- [WHAT TO PRODUCE] All lines from the one containing "Some of the words" through the end of the entries below should appear in the answer exactly, with no others.

※

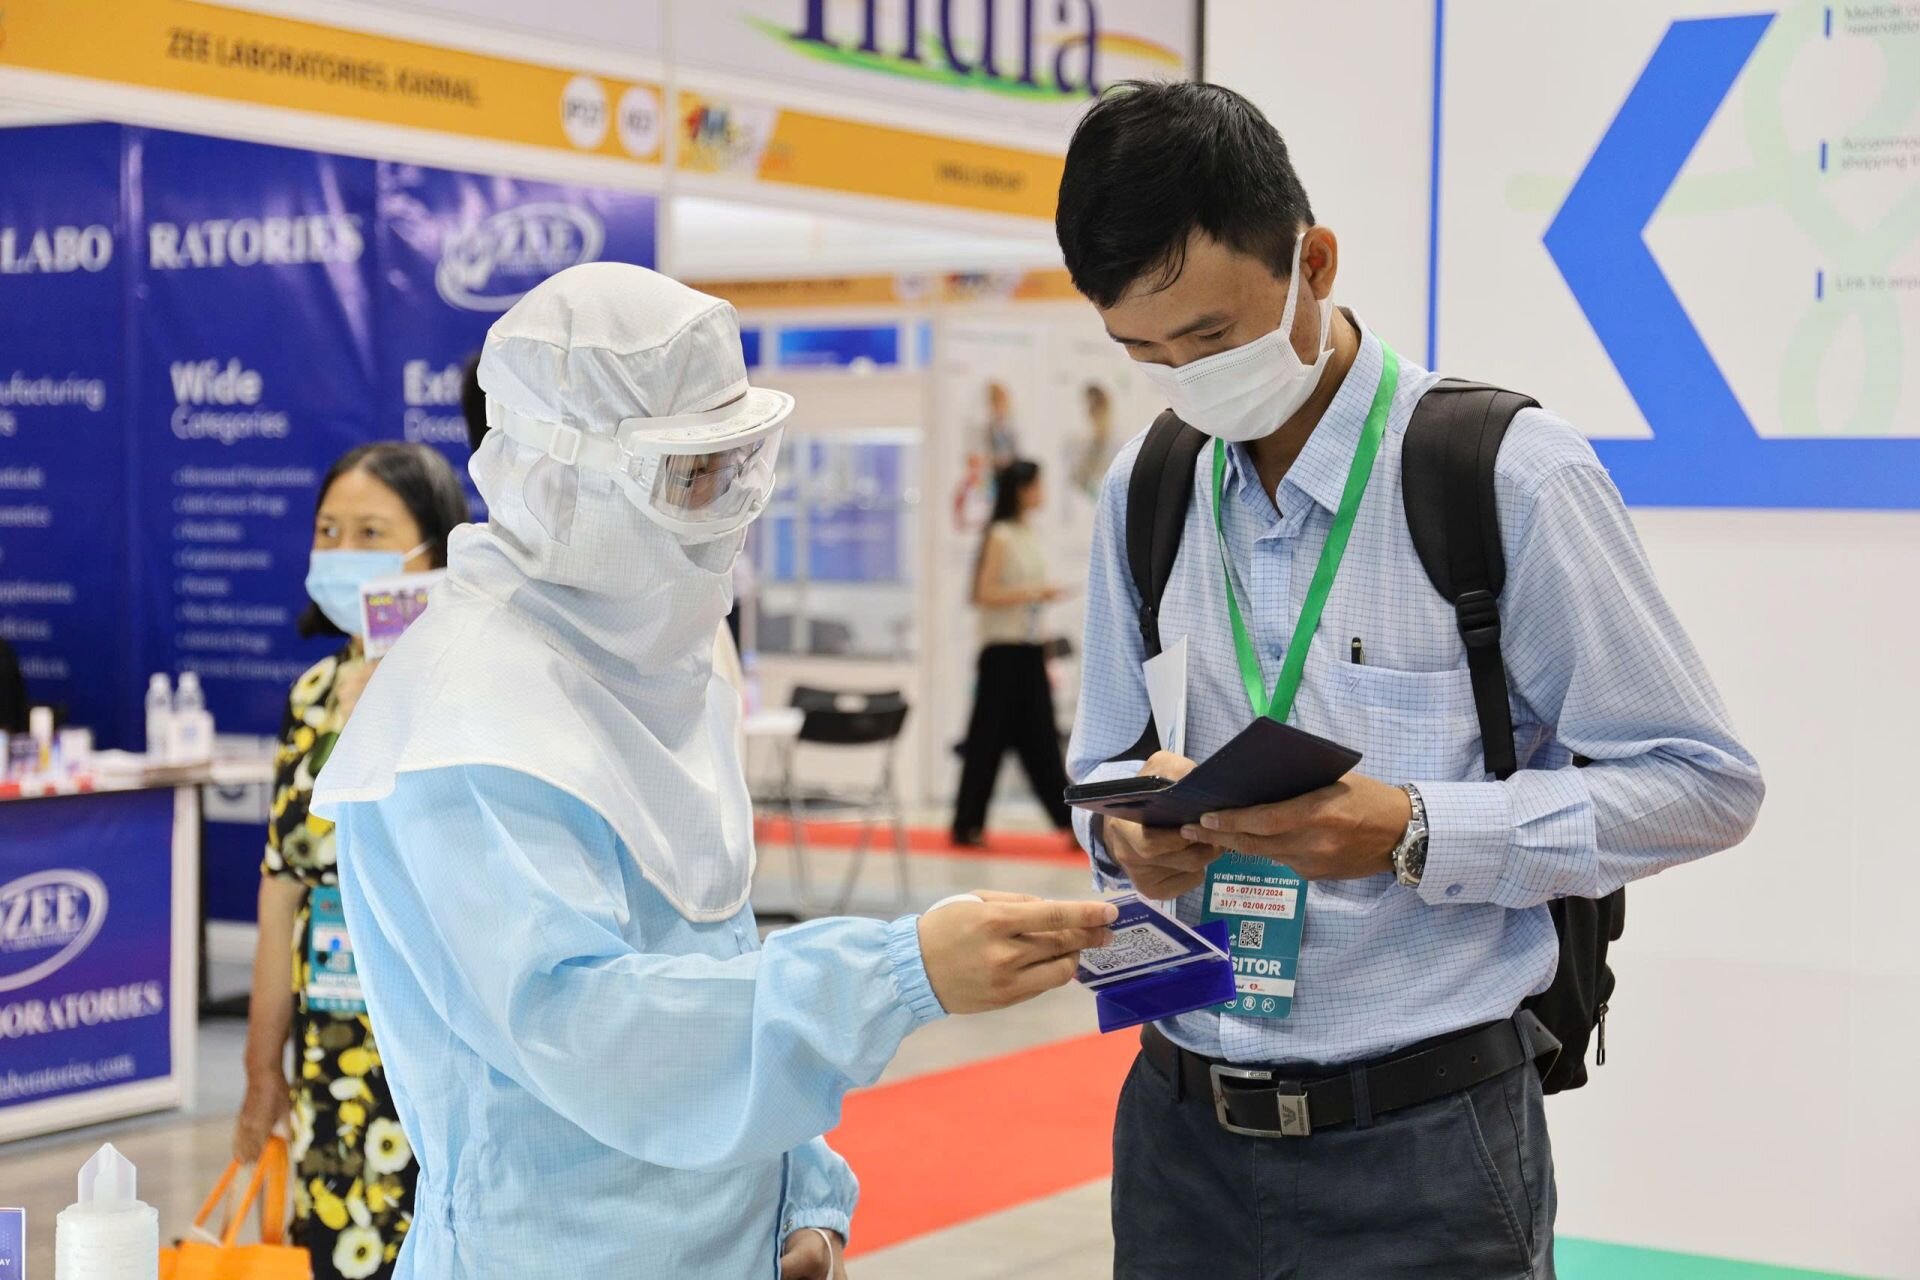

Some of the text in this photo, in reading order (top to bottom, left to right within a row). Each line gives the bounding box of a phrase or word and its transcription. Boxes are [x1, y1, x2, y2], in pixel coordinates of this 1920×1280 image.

[166, 26, 210, 63] ZEE
[0, 214, 365, 274] LABO RATORIES
[170, 357, 263, 406] Wide
[170, 403, 291, 446] Categories
[1240, 886, 1283, 897] 07/12/2024
[1264, 877, 1278, 885] NEXT
[1278, 878, 1300, 886] EVENTS
[1, 884, 84, 939] ZEE
[1220, 899, 1237, 907] 31/7
[1242, 901, 1286, 911] 02/08/2025
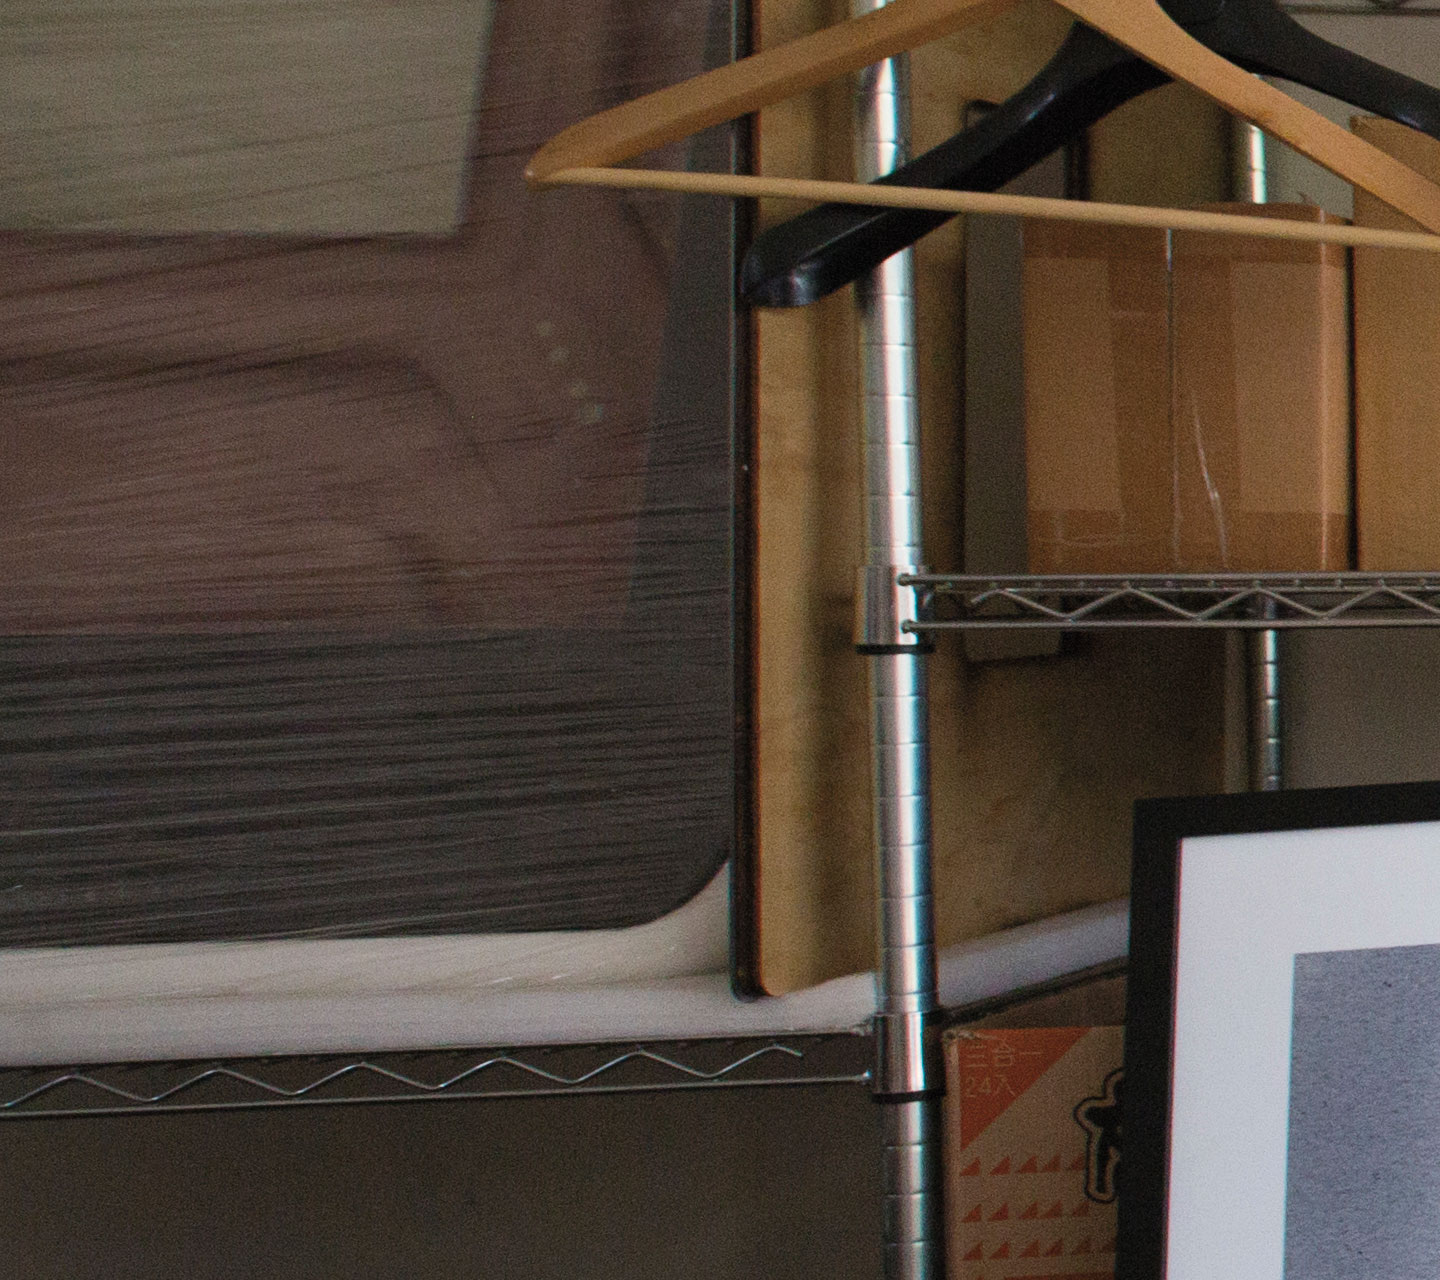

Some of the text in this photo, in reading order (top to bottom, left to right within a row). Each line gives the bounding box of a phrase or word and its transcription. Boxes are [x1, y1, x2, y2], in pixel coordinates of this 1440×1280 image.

[964, 1038, 1042, 1068] 三合一
[964, 1075, 1016, 1099] 24入
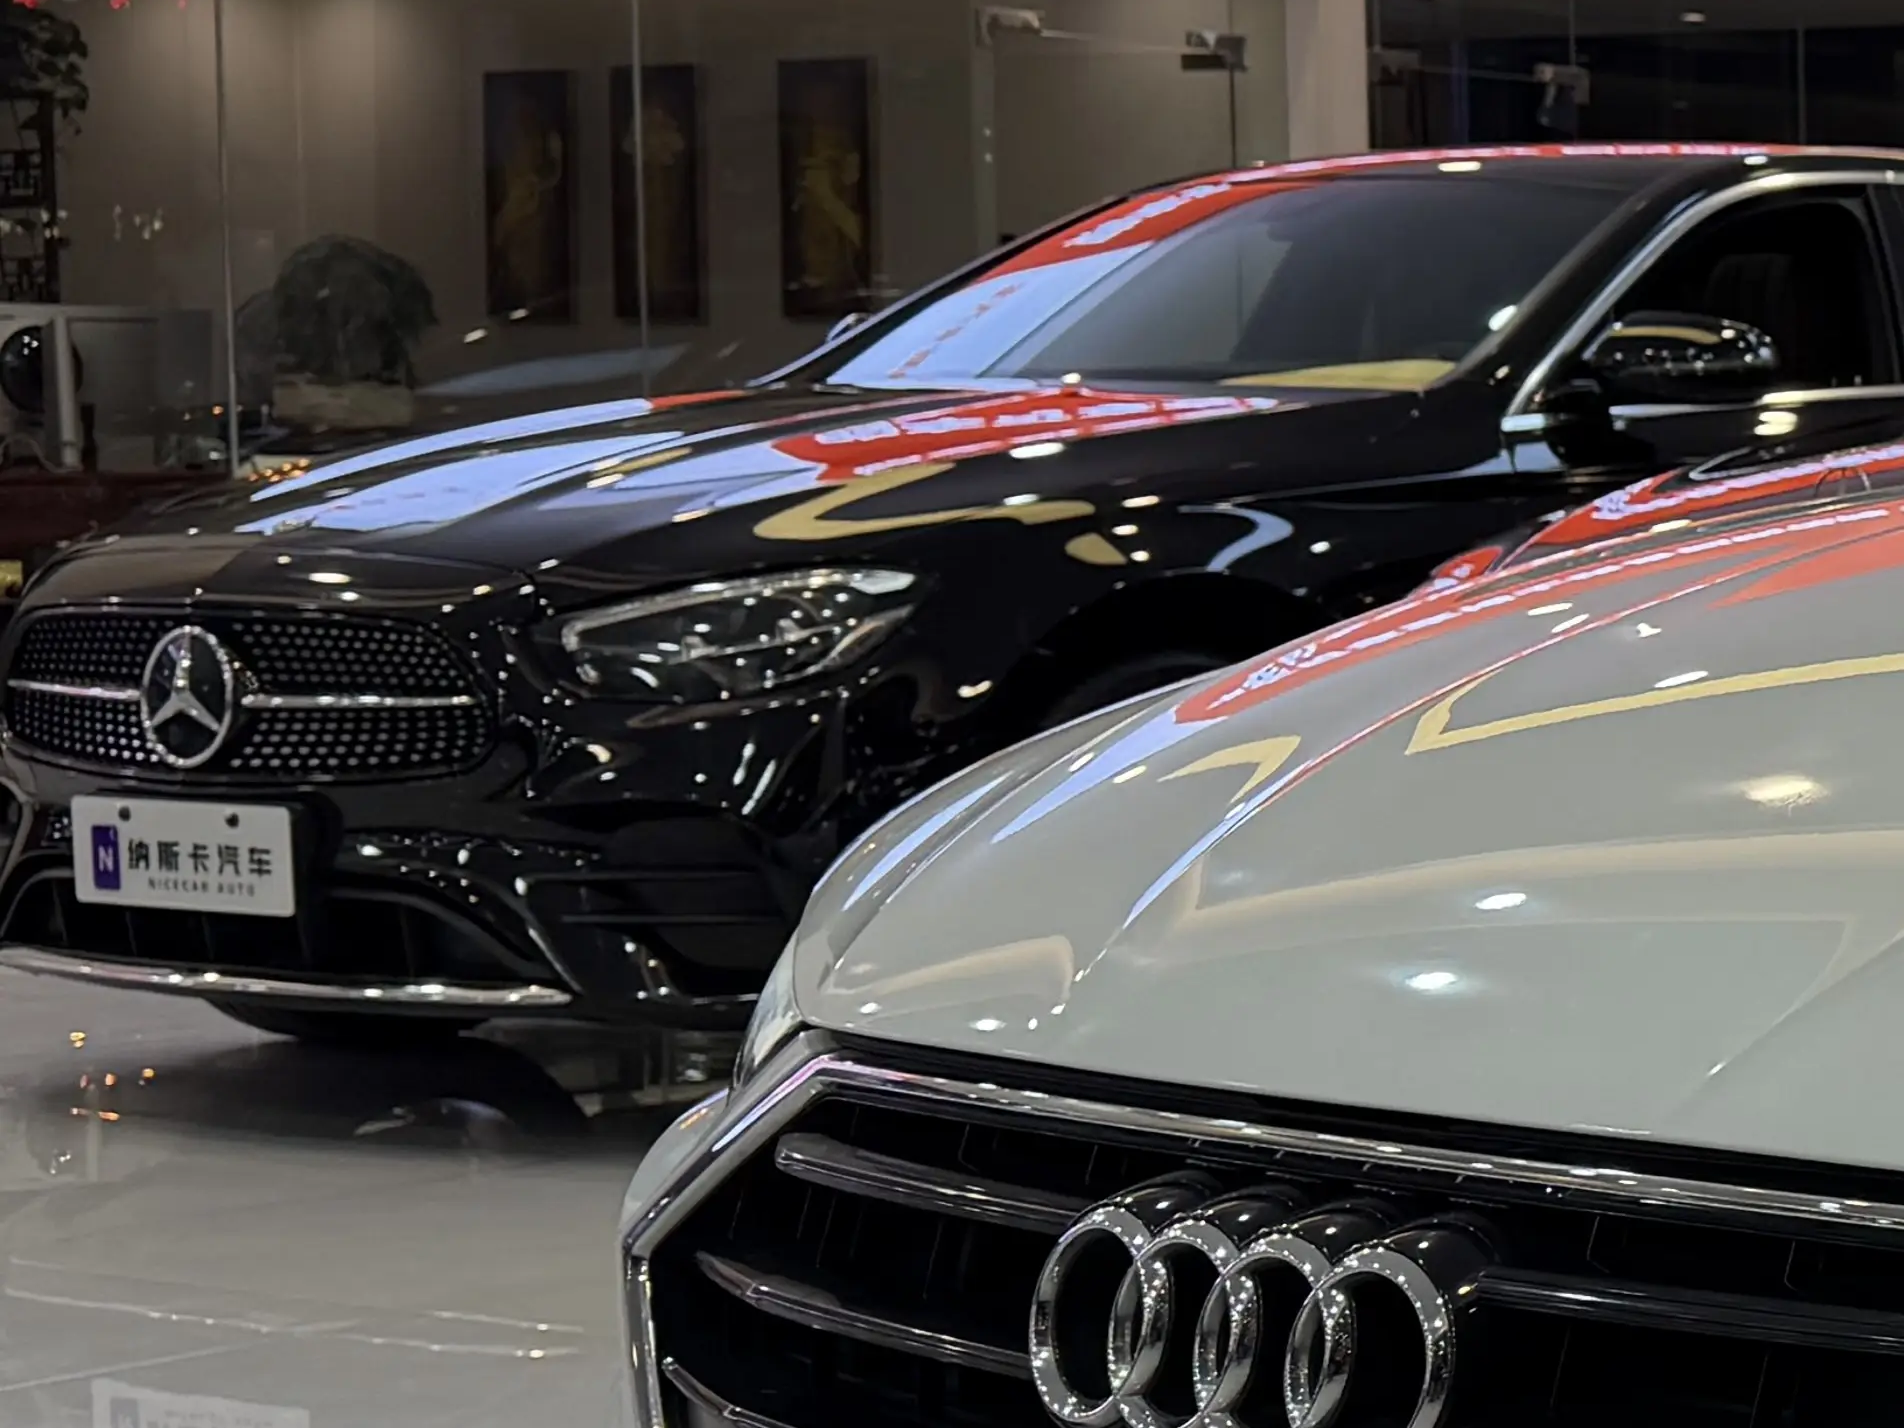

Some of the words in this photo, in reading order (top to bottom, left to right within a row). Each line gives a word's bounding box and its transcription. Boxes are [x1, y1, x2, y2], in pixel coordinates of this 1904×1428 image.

[127, 838, 273, 878] 纳斯卡汽车

※

- [RESPONSE TO THIS TASK]
Some of the words in this photo, in reading order (top to bottom, left to right within a row). Each line gives a word's bounding box and its transcription. Boxes are [x1, y1, x2, y2], in pixel coordinates of this 1904×1428 image.

[127, 838, 273, 878] 纳斯卡汽车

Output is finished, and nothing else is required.